(Records from a data source)
# # # #

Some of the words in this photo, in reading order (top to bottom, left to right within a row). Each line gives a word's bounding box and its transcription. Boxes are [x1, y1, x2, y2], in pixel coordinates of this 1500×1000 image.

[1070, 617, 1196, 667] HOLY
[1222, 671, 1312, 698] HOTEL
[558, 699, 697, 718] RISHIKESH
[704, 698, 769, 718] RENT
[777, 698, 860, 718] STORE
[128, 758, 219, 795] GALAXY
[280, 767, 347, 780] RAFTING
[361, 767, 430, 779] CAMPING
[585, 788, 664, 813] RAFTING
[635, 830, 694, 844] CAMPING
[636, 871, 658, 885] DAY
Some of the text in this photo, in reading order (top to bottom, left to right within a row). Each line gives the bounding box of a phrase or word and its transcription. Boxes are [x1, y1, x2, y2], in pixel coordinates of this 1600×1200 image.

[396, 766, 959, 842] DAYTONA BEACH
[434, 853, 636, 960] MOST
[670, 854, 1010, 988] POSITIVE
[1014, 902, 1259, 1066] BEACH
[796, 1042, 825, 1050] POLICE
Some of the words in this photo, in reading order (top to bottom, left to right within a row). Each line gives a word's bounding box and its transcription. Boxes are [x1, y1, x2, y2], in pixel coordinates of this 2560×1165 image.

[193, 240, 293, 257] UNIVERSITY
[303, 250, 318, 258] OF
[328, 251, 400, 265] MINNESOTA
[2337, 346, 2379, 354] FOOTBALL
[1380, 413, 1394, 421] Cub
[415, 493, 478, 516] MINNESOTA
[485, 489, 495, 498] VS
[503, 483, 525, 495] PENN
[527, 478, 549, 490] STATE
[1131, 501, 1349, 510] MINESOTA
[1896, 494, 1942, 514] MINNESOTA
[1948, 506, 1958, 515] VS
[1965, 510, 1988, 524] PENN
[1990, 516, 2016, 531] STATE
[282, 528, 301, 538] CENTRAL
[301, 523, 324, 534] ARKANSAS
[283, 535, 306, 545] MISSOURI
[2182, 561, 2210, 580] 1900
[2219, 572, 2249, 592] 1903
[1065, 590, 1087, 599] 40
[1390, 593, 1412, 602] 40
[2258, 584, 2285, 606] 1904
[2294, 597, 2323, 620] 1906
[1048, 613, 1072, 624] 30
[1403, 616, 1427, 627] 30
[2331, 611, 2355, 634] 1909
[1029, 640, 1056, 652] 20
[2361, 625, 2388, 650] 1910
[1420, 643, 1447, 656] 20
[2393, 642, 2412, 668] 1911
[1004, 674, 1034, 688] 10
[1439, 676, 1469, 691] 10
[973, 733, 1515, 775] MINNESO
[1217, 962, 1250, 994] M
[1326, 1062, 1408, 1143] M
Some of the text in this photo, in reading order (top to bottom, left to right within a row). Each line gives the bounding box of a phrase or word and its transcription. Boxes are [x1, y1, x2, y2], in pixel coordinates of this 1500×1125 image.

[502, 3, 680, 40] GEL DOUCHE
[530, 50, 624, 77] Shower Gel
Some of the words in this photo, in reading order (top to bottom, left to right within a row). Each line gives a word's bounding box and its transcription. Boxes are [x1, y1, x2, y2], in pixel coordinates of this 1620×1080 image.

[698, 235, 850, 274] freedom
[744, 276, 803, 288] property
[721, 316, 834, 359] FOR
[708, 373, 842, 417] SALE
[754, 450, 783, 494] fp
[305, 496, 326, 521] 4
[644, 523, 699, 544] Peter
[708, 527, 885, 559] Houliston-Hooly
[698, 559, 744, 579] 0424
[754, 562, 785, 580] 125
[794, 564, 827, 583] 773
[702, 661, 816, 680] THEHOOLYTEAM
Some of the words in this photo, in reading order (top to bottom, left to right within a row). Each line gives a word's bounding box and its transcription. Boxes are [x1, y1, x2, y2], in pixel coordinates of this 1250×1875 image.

# # # #

▶ Work instructions
Return every line above exactly as it stands.

▶ Response to the task
Some of the words in this photo, in reading order (top to bottom, left to right within a row). Each line gives a word's bounding box and its transcription. Boxes are [x1, y1, x2, y2], in pixel coordinates of this 1500×1000 image.

[1070, 617, 1196, 667] HOLY
[1222, 671, 1312, 698] HOTEL
[558, 699, 697, 718] RISHIKESH
[704, 698, 769, 718] RENT
[777, 698, 860, 718] STORE
[128, 758, 219, 795] GALAXY
[280, 767, 347, 780] RAFTING
[361, 767, 430, 779] CAMPING
[585, 788, 664, 813] RAFTING
[635, 830, 694, 844] CAMPING
[636, 871, 658, 885] DAY
Some of the text in this photo, in reading order (top to bottom, left to right within a row). Each line gives the bounding box of a phrase or word and its transcription. Boxes are [x1, y1, x2, y2], in pixel coordinates of this 1600×1200 image.

[396, 766, 959, 842] DAYTONA BEACH
[434, 853, 636, 960] MOST
[670, 854, 1010, 988] POSITIVE
[1014, 902, 1259, 1066] BEACH
[796, 1042, 825, 1050] POLICE
Some of the words in this photo, in reading order (top to bottom, left to right within a row). Each line gives a word's bounding box and its transcription. Boxes are [x1, y1, x2, y2], in pixel coordinates of this 2560×1165 image.

[193, 240, 293, 257] UNIVERSITY
[303, 250, 318, 258] OF
[328, 251, 400, 265] MINNESOTA
[2337, 346, 2379, 354] FOOTBALL
[1380, 413, 1394, 421] Cub
[415, 493, 478, 516] MINNESOTA
[485, 489, 495, 498] VS
[503, 483, 525, 495] PENN
[527, 478, 549, 490] STATE
[1131, 501, 1349, 510] MINESOTA
[1896, 494, 1942, 514] MINNESOTA
[1948, 506, 1958, 515] VS
[1965, 510, 1988, 524] PENN
[1990, 516, 2016, 531] STATE
[282, 528, 301, 538] CENTRAL
[301, 523, 324, 534] ARKANSAS
[283, 535, 306, 545] MISSOURI
[2182, 561, 2210, 580] 1900
[2219, 572, 2249, 592] 1903
[1065, 590, 1087, 599] 40
[1390, 593, 1412, 602] 40
[2258, 584, 2285, 606] 1904
[2294, 597, 2323, 620] 1906
[1048, 613, 1072, 624] 30
[1403, 616, 1427, 627] 30
[2331, 611, 2355, 634] 1909
[1029, 640, 1056, 652] 20
[2361, 625, 2388, 650] 1910
[1420, 643, 1447, 656] 20
[2393, 642, 2412, 668] 1911
[1004, 674, 1034, 688] 10
[1439, 676, 1469, 691] 10
[973, 733, 1515, 775] MINNESO
[1217, 962, 1250, 994] M
[1326, 1062, 1408, 1143] M
Some of the text in this photo, in reading order (top to bottom, left to right within a row). Each line gives the bounding box of a phrase or word and its transcription. Boxes are [x1, y1, x2, y2], in pixel coordinates of this 1500×1125 image.

[502, 3, 680, 40] GEL DOUCHE
[530, 50, 624, 77] Shower Gel
Some of the words in this photo, in reading order (top to bottom, left to right within a row). Each line gives a word's bounding box and its transcription. Boxes are [x1, y1, x2, y2], in pixel coordinates of this 1620×1080 image.

[698, 235, 850, 274] freedom
[744, 276, 803, 288] property
[721, 316, 834, 359] FOR
[708, 373, 842, 417] SALE
[754, 450, 783, 494] fp
[305, 496, 326, 521] 4
[644, 523, 699, 544] Peter
[708, 527, 885, 559] Houliston-Hooly
[698, 559, 744, 579] 0424
[754, 562, 785, 580] 125
[794, 564, 827, 583] 773
[702, 661, 816, 680] THEHOOLYTEAM
Some of the words in this photo, in reading order (top to bottom, left to right within a row). Each line gives a word's bounding box and its transcription. Boxes are [x1, y1, x2, y2], in pixel coordinates of this 1250×1875 image.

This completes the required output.